Hello
I was very surprised that the Syntax Edit control is not able to show UTF-8 files !!
It supports ANSI and Unicode but not UTF-8 although UTF-8 is more widley used than Unicode!
It is not very difficult to add UTF-8 Support if your project is Unicode compiled.
If you still use the MBCS compiler switch some more work will be necessary due to some design flaws in the code.
___________________________________
Add tis line to XTPSyntaxEditBufferManager.h
BOOL IsUnicodeFile(CFile *pFile); ___________________________________
In XTPSyntaxEditBufferManager.cpp:
convert the function BOOL IsUnicodeFile(CFile *pFile) into a member function and add the following bold lines:
BOOL CXTPSyntaxEditBufferManager::IsUnicodeFile(CFile *pFile) { pFile->SeekToBegin();
WORD wPrefix; UINT uReaded = pFile->Read(&wPrefix, 2); if (uReaded == 2 && wPrefix == 0xFEFF) { return TRUE; }
// Check if UTF-8 file identifier "" exists pFile->SeekToBegin();
BYTE u8_Buf[3]; UINT u32_Read = pFile->Read(u8_Buf, 3); if (u32_Read == 3 && u8_Buf[0] == 0xEF && u8_Buf[1] == 0xBB && u8_Buf[2] == 0xBF) { m_nCodePage = CP_UTF8; return FALSE; }
_________________________________________________
Then in
void CXTPSyntaxEditBufferManager::SerializeEx() add the bold lines:
else if (ar.IsStoring()) { if (bUnicode == -1) bUnicode = m_bUnicodeFileFormat;
if (bUnicode && bWriteUnicodeFilePrefix) { ar << (BYTE)0xFF; ar << (BYTE)0xFE; }
if (!bUnicode && m_nCodePage == CP_UTF8) { ar << (BYTE)0xEF; ar << (BYTE)0xBB; ar << (BYTE)0xBF; }
CByteArray arBuffer;
int nCRLFStyle = GetCurCRLFType();
____________________________________________
And last but no least in XTPSyntaxEditCtrl.cpp
int nBytes = ::WideCharToMultiByte(uCodePage, 0, (LPWSTR)lpSource, -1, lpMBCSSource, nLen, NULL, NULL);
// ASSERT(nBytes <= (int)dwBytes); // removed: Nonsense
lpMBCSSource[nBytes] = _T('\0');
This Assert is complete nonsense. It is normal that a conversion from Unicode to any codepage makes the string longer. There is no reason to check the length of the string and assert that it is shorter than the Unicode string. In UTF8 one character may be represented by 4 bytes.

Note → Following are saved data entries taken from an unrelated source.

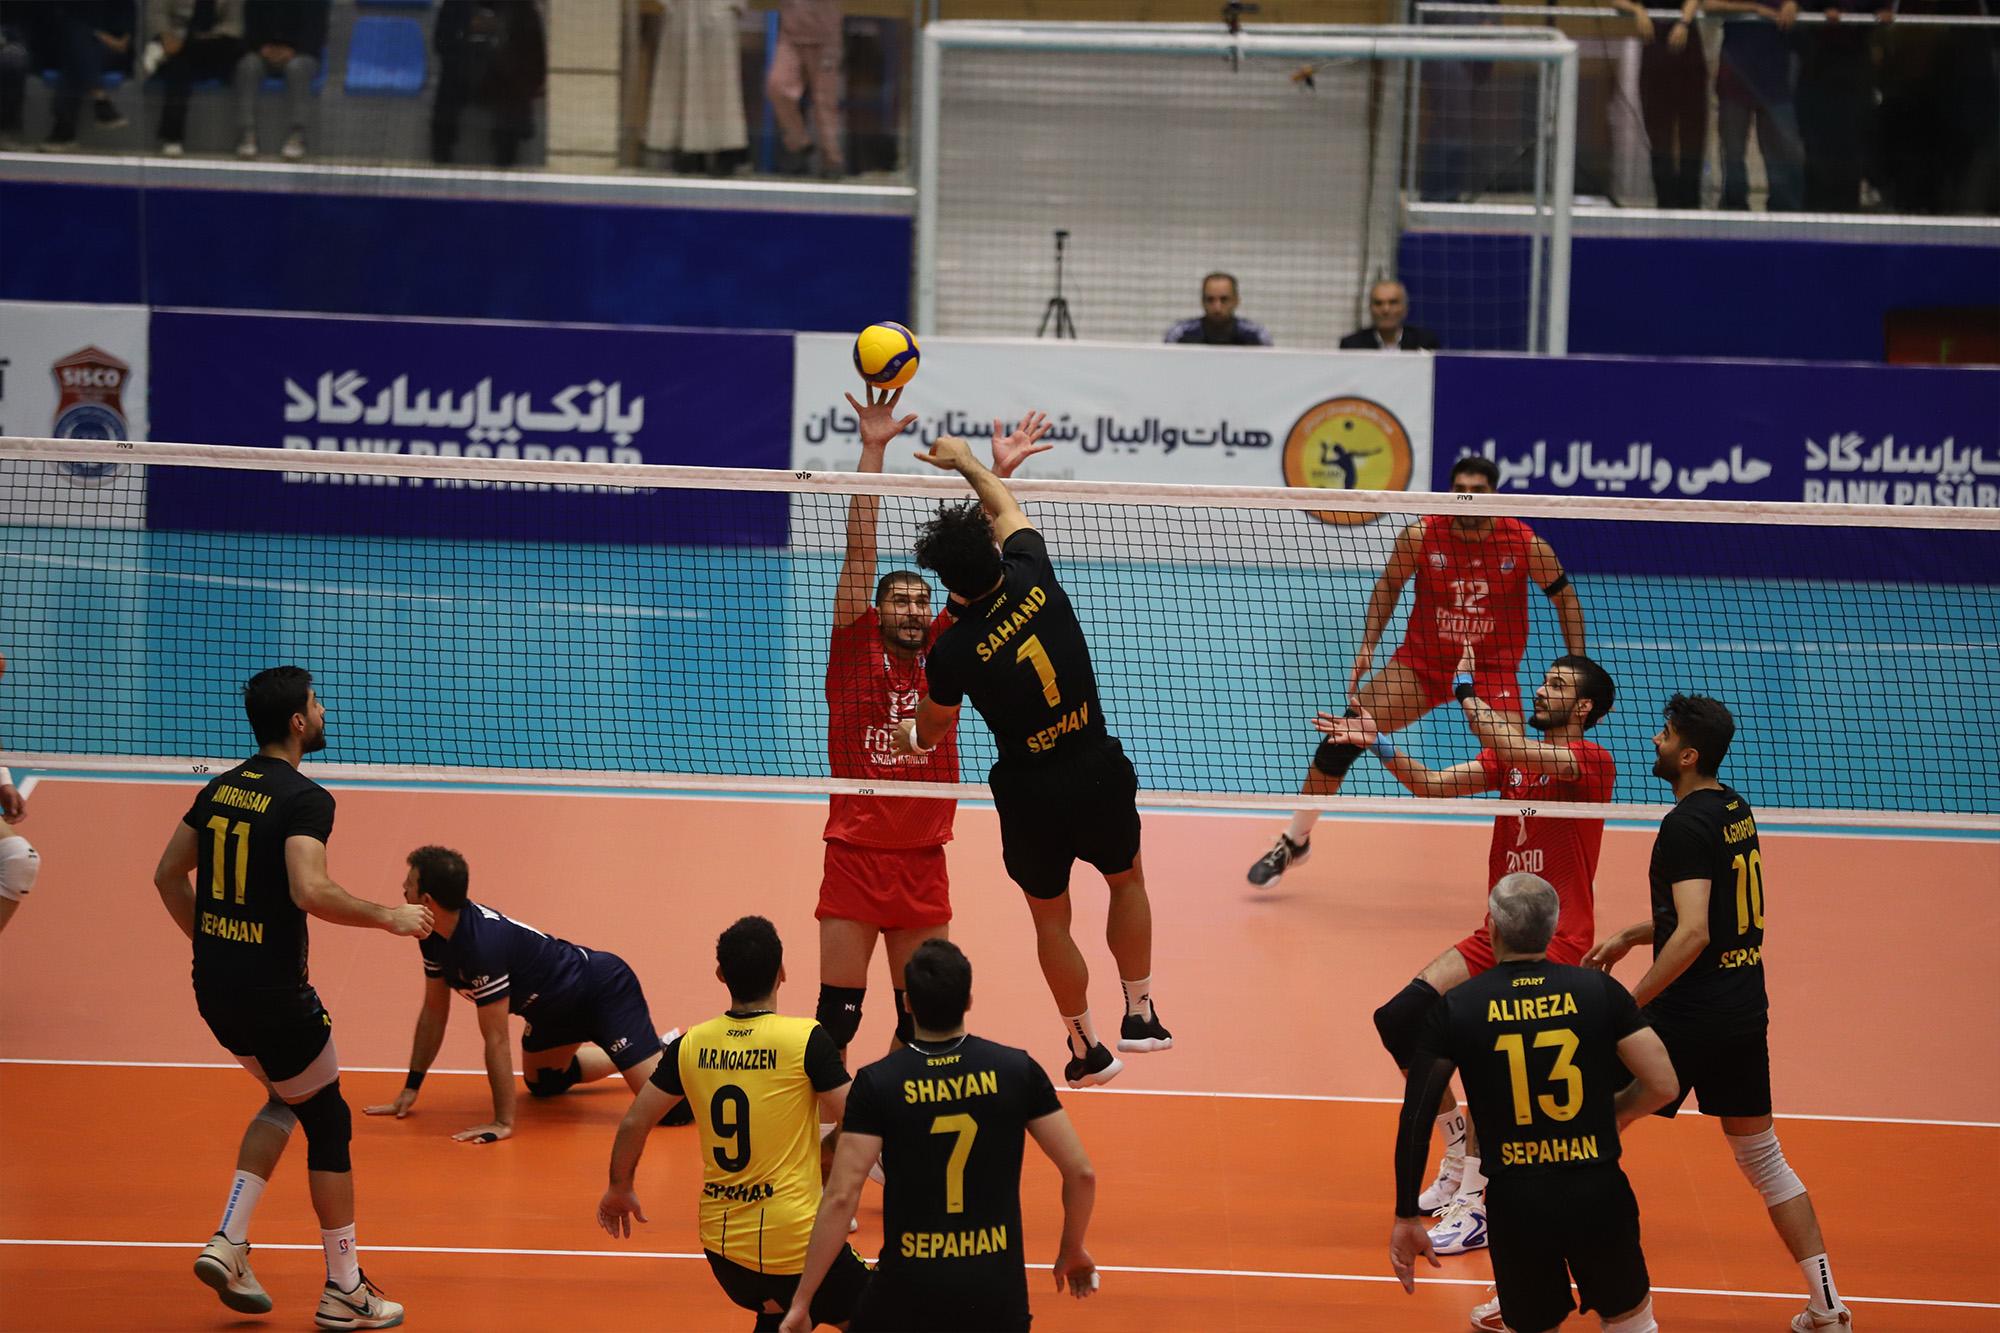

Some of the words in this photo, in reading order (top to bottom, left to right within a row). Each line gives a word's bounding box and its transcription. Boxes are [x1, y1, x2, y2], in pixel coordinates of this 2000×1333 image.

[62, 366, 121, 387] SISCO
[284, 369, 523, 443] پاسارگاد
[516, 379, 645, 446] بانک
[1081, 417, 1179, 454] والیبال
[1551, 441, 1673, 494] والیبال
[1678, 446, 1772, 495] حامی
[1804, 430, 1976, 485] پاسارگاد
[1450, 580, 1490, 614] 12
[975, 585, 1048, 662] SAHAND
[1015, 633, 1062, 709] 1
[206, 815, 251, 905] 11
[1732, 848, 1764, 936] 10
[201, 911, 264, 944] SEPAHAN
[1511, 976, 1546, 987] START
[1487, 992, 1579, 1023] ALIREZA
[726, 1028, 755, 1037] START
[697, 1047, 777, 1070] M.R.MOAZZEN
[927, 1055, 962, 1067] START
[903, 1070, 998, 1104] SHAYAN
[1493, 1028, 1584, 1127] 13
[710, 1084, 751, 1173] 9
[1447, 1116, 1465, 1136] 10
[930, 1112, 978, 1213] 7
[1501, 1135, 1600, 1166] SEPAHAN
[901, 1225, 1007, 1258] SEPAHAN

_______________________________________________
The buffer manager has several design flaws. Instead of working with a lot of fixed size buffers and calling WideCharToMultiByte several times it would have been nicer to write a class that encapsulates this stuff and automatically converts from
Unicode --> ANSI ANSI --> Unicode UTF8 --> Unicode Unicode --> UTF8 ANSI --> UTF8 etc.. and this class should take care to allocate the buffer.
This would result in much cleaner code and less coding flaws.
The syntax highlighting will not work any longer if the user enters lines that are longer than 128 characters. Why do the Codejock programmers not use a dynamic buffer that is allocated once the file gets parsed ?
I hope to see UTF8 support in the next version.
Elmü
|